▶ [PROBLEM REQUIREMENTS] Pictures aside, output each record exactly.

▶ [RECORDS FOR THE TASK]
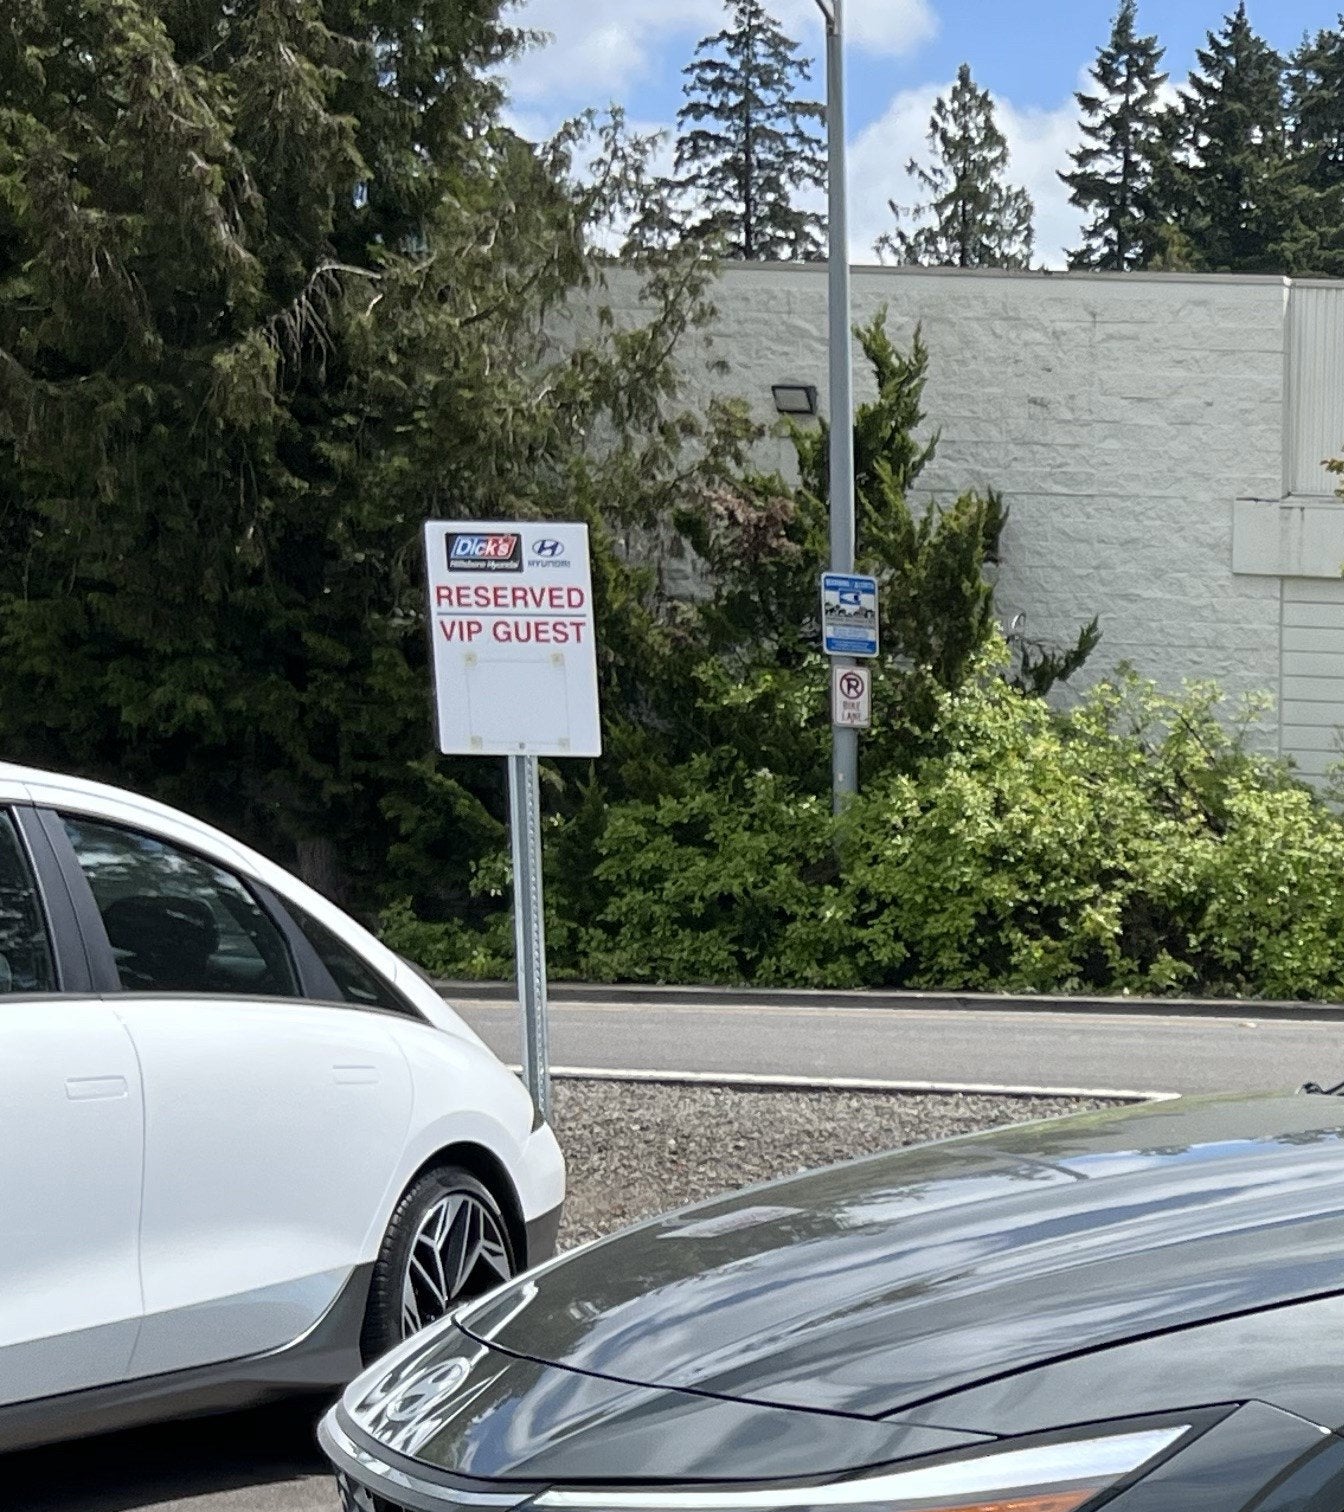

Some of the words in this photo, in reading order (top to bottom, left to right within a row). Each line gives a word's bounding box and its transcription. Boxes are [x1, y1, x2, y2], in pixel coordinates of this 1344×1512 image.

[436, 585, 585, 609] RESERVED
[440, 620, 483, 643] VIP
[492, 620, 586, 644] GUEST
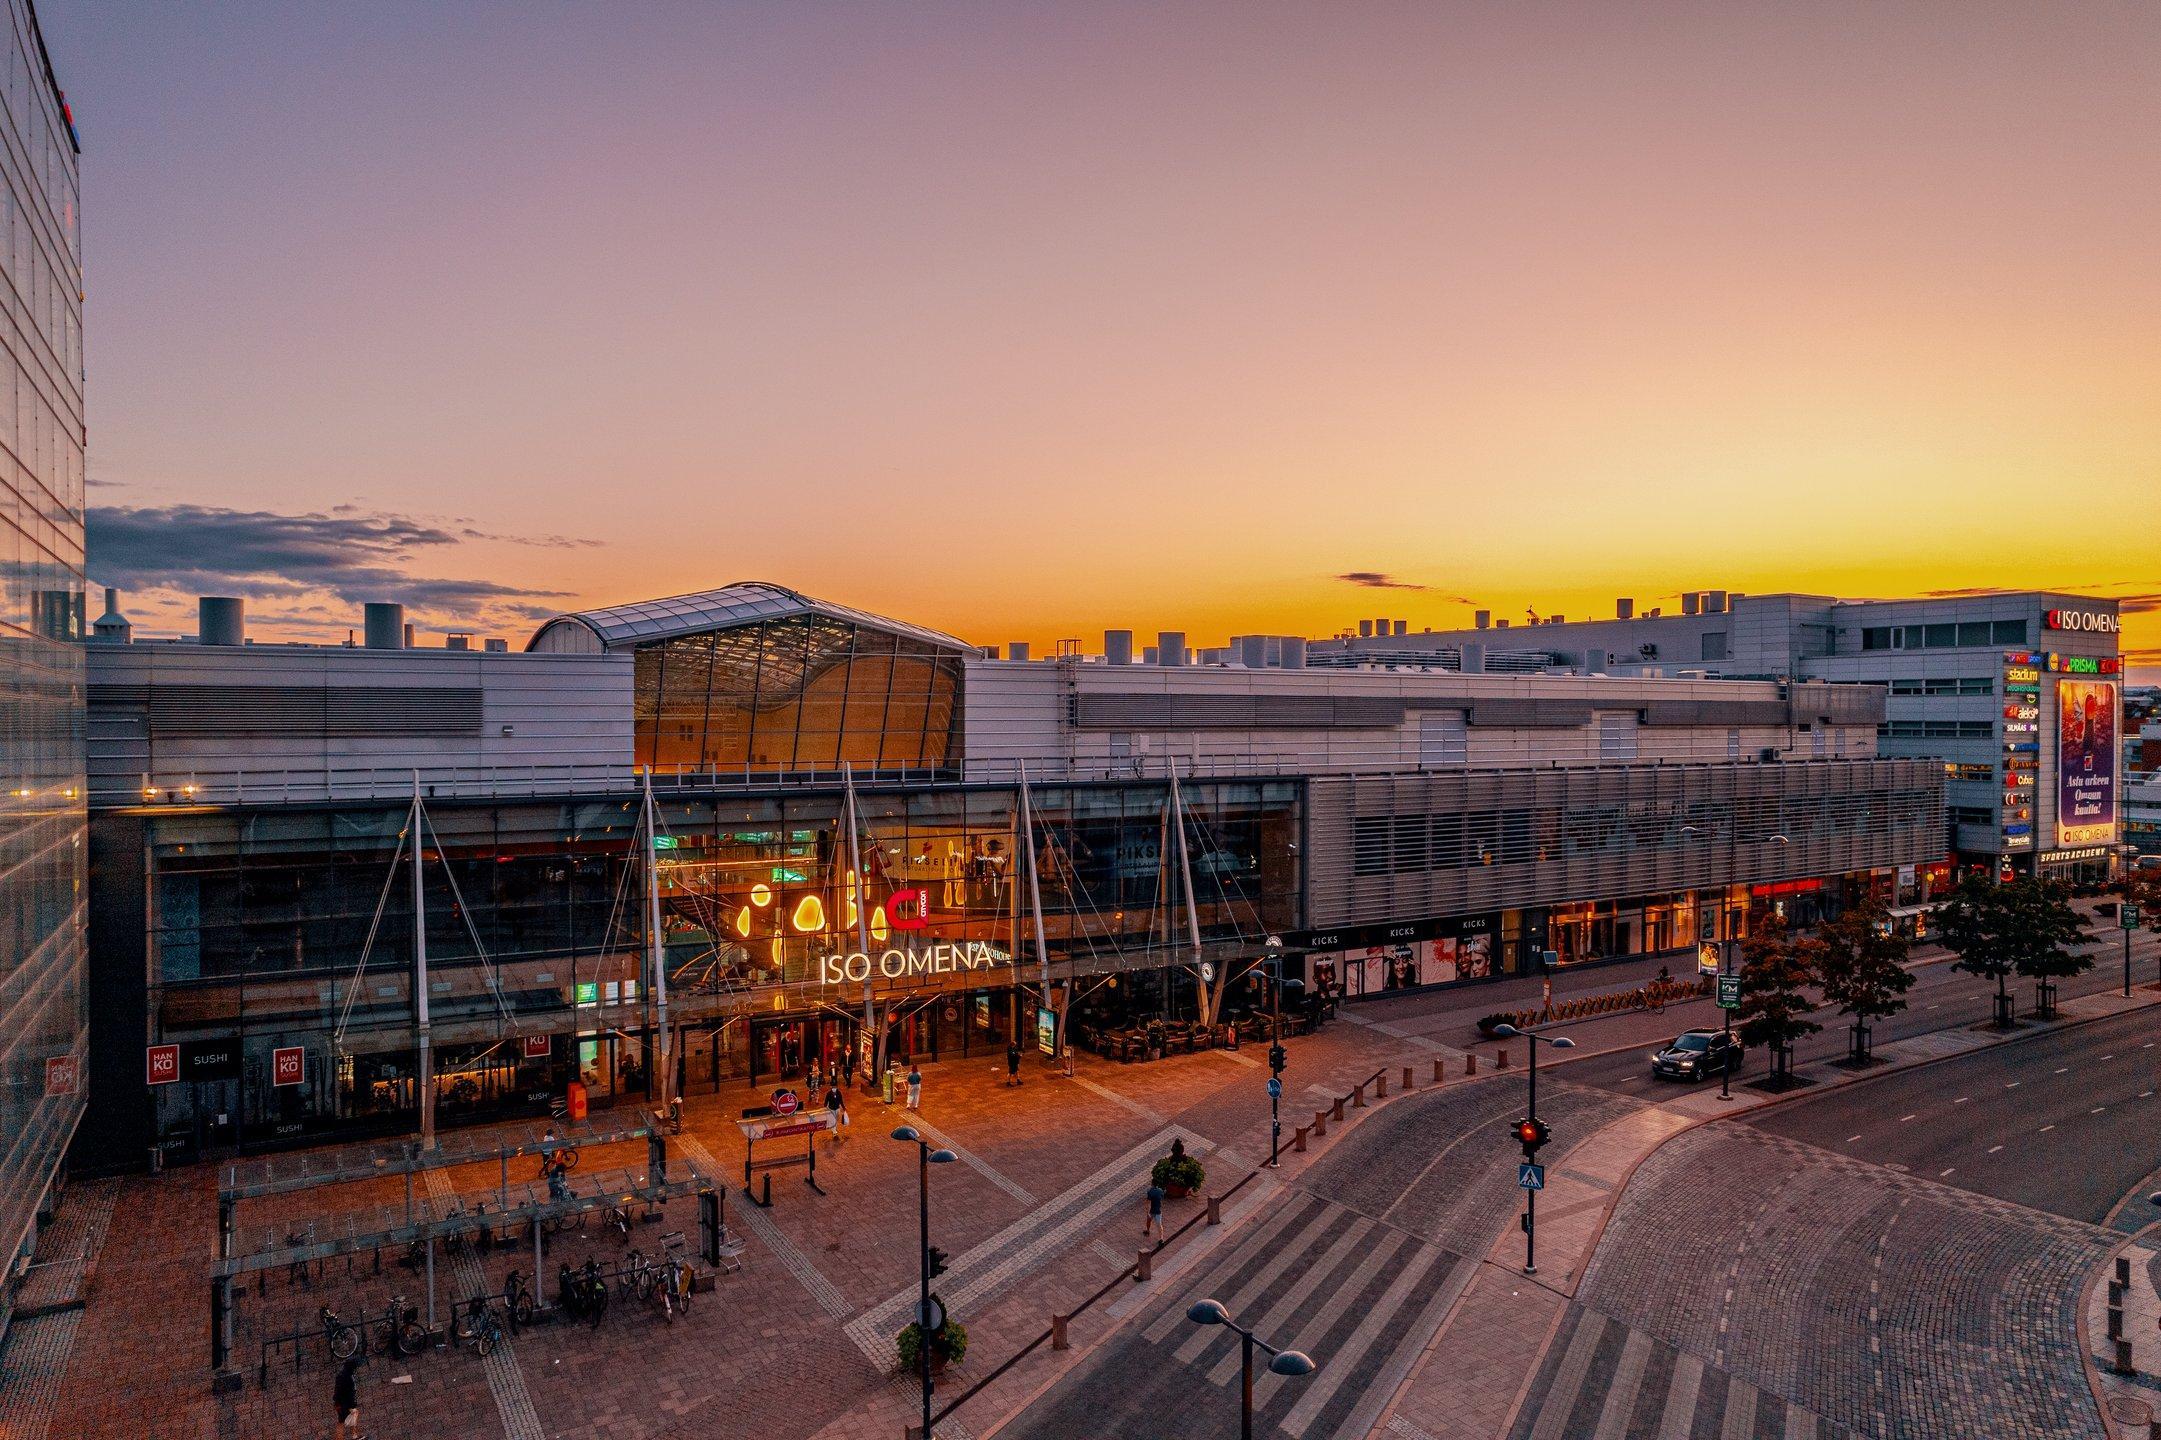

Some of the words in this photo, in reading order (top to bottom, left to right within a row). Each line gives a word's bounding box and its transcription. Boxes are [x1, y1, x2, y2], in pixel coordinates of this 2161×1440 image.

[2062, 611, 2080, 630] ISO
[2083, 612, 2121, 632] OMENA
[2070, 658, 2097, 673] PRISMA
[2009, 668, 2038, 681] stadium
[2017, 774, 2034, 785] Cubus
[2041, 851, 2070, 862] SPORTS
[2070, 847, 2106, 859] ACADEMY
[1463, 919, 1486, 929] KICKS
[1390, 927, 1415, 937] KICKS
[1311, 935, 1338, 946] KICKS
[820, 952, 871, 985] ISO
[881, 940, 994, 978] OMENA
[530, 1035, 545, 1045] KO
[154, 1053, 173, 1061] HAN
[194, 1053, 228, 1065] SUSHI
[154, 1059, 173, 1071] KO
[280, 1061, 298, 1073] KO
[276, 1124, 303, 1134] SUSHI

▶ [ANSWER FOR THIS EXERCISE]
Some of the words in this photo, in reading order (top to bottom, left to right within a row). Each line gives a word's bounding box and its transcription. Boxes are [x1, y1, x2, y2], in pixel coordinates of this 1344×1512 image.

[436, 585, 585, 609] RESERVED
[440, 620, 483, 643] VIP
[492, 620, 586, 644] GUEST

Some of the words in this photo, in reading order (top to bottom, left to right within a row). Each line gives a word's bounding box and its transcription. Boxes are [x1, y1, x2, y2], in pixel coordinates of this 2161×1440 image.

[2062, 611, 2080, 630] ISO
[2083, 612, 2121, 632] OMENA
[2070, 658, 2097, 673] PRISMA
[2009, 668, 2038, 681] stadium
[2017, 774, 2034, 785] Cubus
[2041, 851, 2070, 862] SPORTS
[2070, 847, 2106, 859] ACADEMY
[1463, 919, 1486, 929] KICKS
[1390, 927, 1415, 937] KICKS
[1311, 935, 1338, 946] KICKS
[820, 952, 871, 985] ISO
[881, 940, 994, 978] OMENA
[530, 1035, 545, 1045] KO
[154, 1053, 173, 1061] HAN
[194, 1053, 228, 1065] SUSHI
[154, 1059, 173, 1071] KO
[280, 1061, 298, 1073] KO
[276, 1124, 303, 1134] SUSHI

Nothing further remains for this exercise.